Monday, January 26, 2015

Come And Have A Go If You Think You're Hard Enough : GW2

Now the lights have gone out at PAX South and the boomsticks have stopped their infernal clacking there's time aplenty to consider the future of Guild Wars 2. Heart of Thorns has no release date. It will, as they say, be ready when it's ready.

We won't have to wait too long to get a first look: there will be a playable demo available for PAX East in early March. There's also going to be a beta phase prior to launch. In the meantime, though, it's a case of reading the runes.

Massively has a disturbing interview with Mike O'Brien and Colin Johanson that sends chills down my spine each time I re-read it.

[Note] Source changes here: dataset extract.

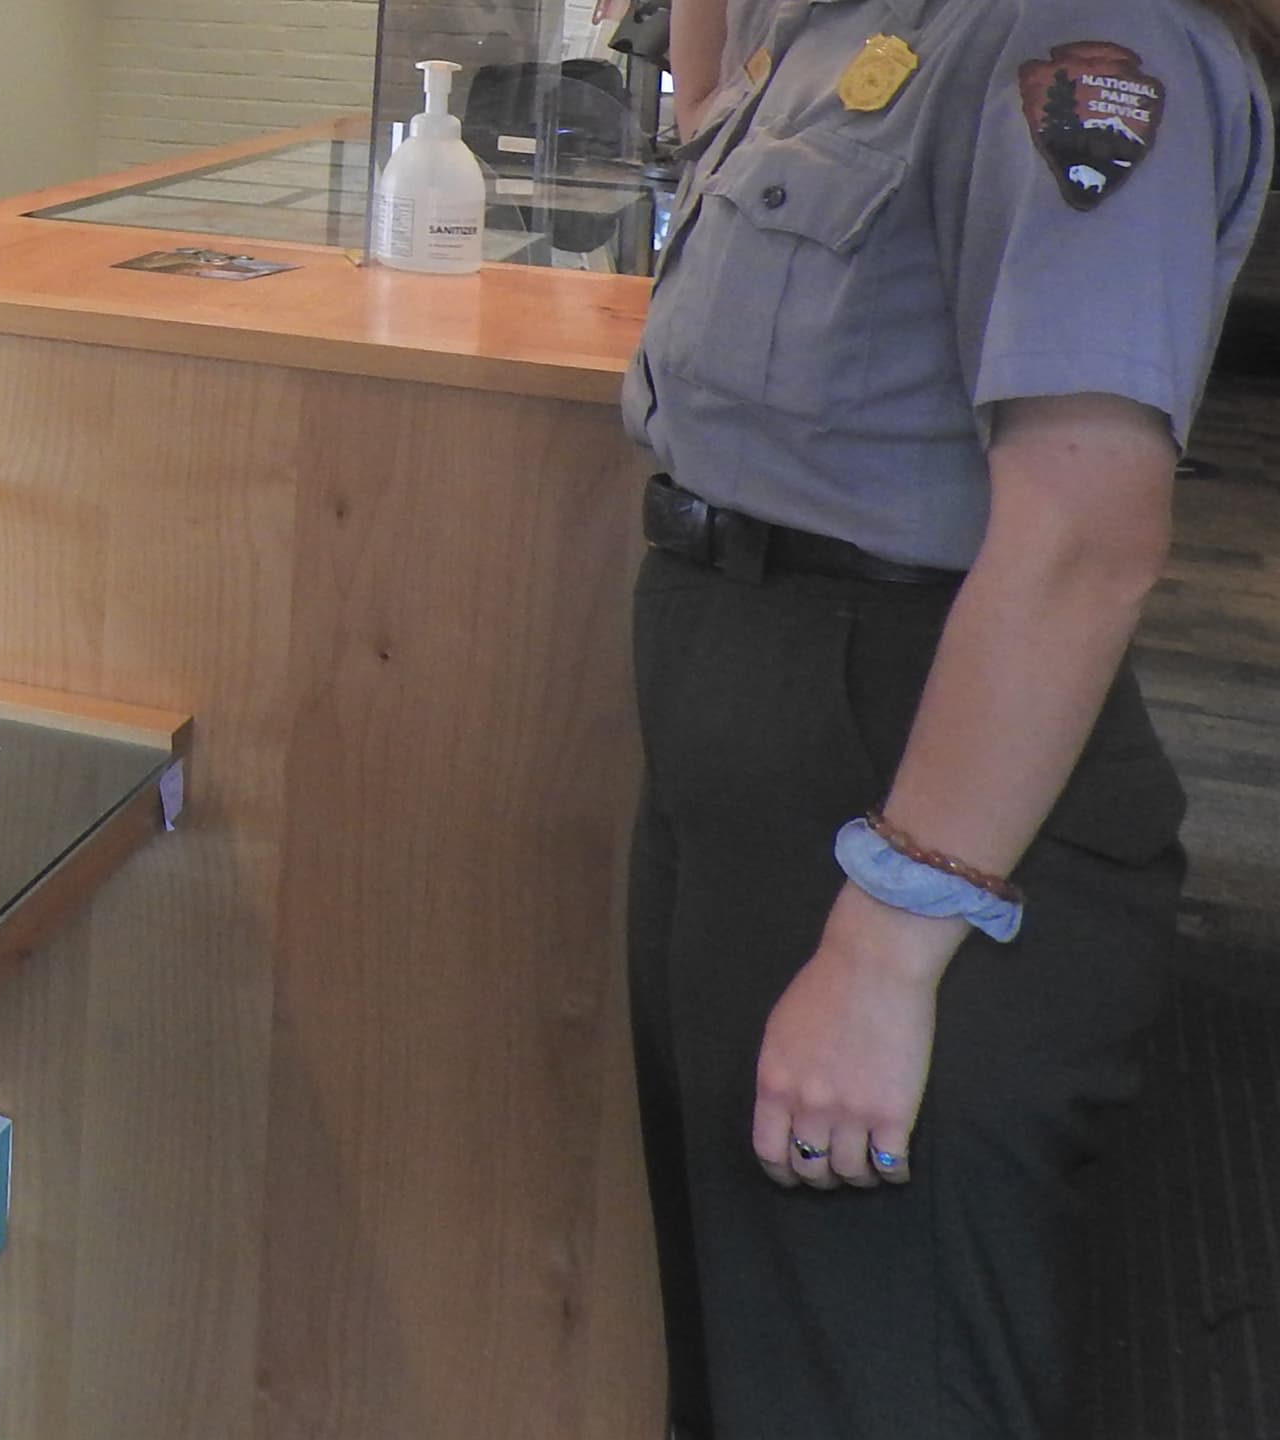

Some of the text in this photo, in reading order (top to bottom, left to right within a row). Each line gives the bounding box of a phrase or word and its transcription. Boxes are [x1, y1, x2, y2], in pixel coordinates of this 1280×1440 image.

[1082, 74, 1159, 99] NATIONAL
[1101, 89, 1140, 107] PARK
[1088, 100, 1151, 122] SERVICE

The discomfort I felt listening to O'Brien elucidate his vision of the game at the weekend is only compounded by quotes such as this:

"The way that you earn mastery points is, I think, a very Guild Wars 2 way to earn mastery points: You do really really hard things that you on your account have never done before."

As is all too common when I read or hear the words of the senior developers and designers of an MMO I have to wonder if they play the same game that I do. In the three years I've been playing, going back to the beginning of public beta, I cannot recall ever having felt that doing really hard things was the Guild Wars 2 way. Let alone really really hard things. If anything I would have said the exact opposite.

Any dungeon that ends with my character running around naked is quite difficult enough, thank you.

Yes, it's true that GW2 has, on occasion, contained the odd "really hard thing". Liadri the Concealing Darkness for example, but in general even the supposedly "hard" things, like the Molten Facility or Marionette were only "hard" when measured by the extremely soft yardstick of the rest of the game. The entire ethos of GW2 has always been about inclusiveness not elitism. That's why we can all revive each other when we fall over, why no-one has to compete for resource nodes and why, at least in theory, we are all always happy to see another player.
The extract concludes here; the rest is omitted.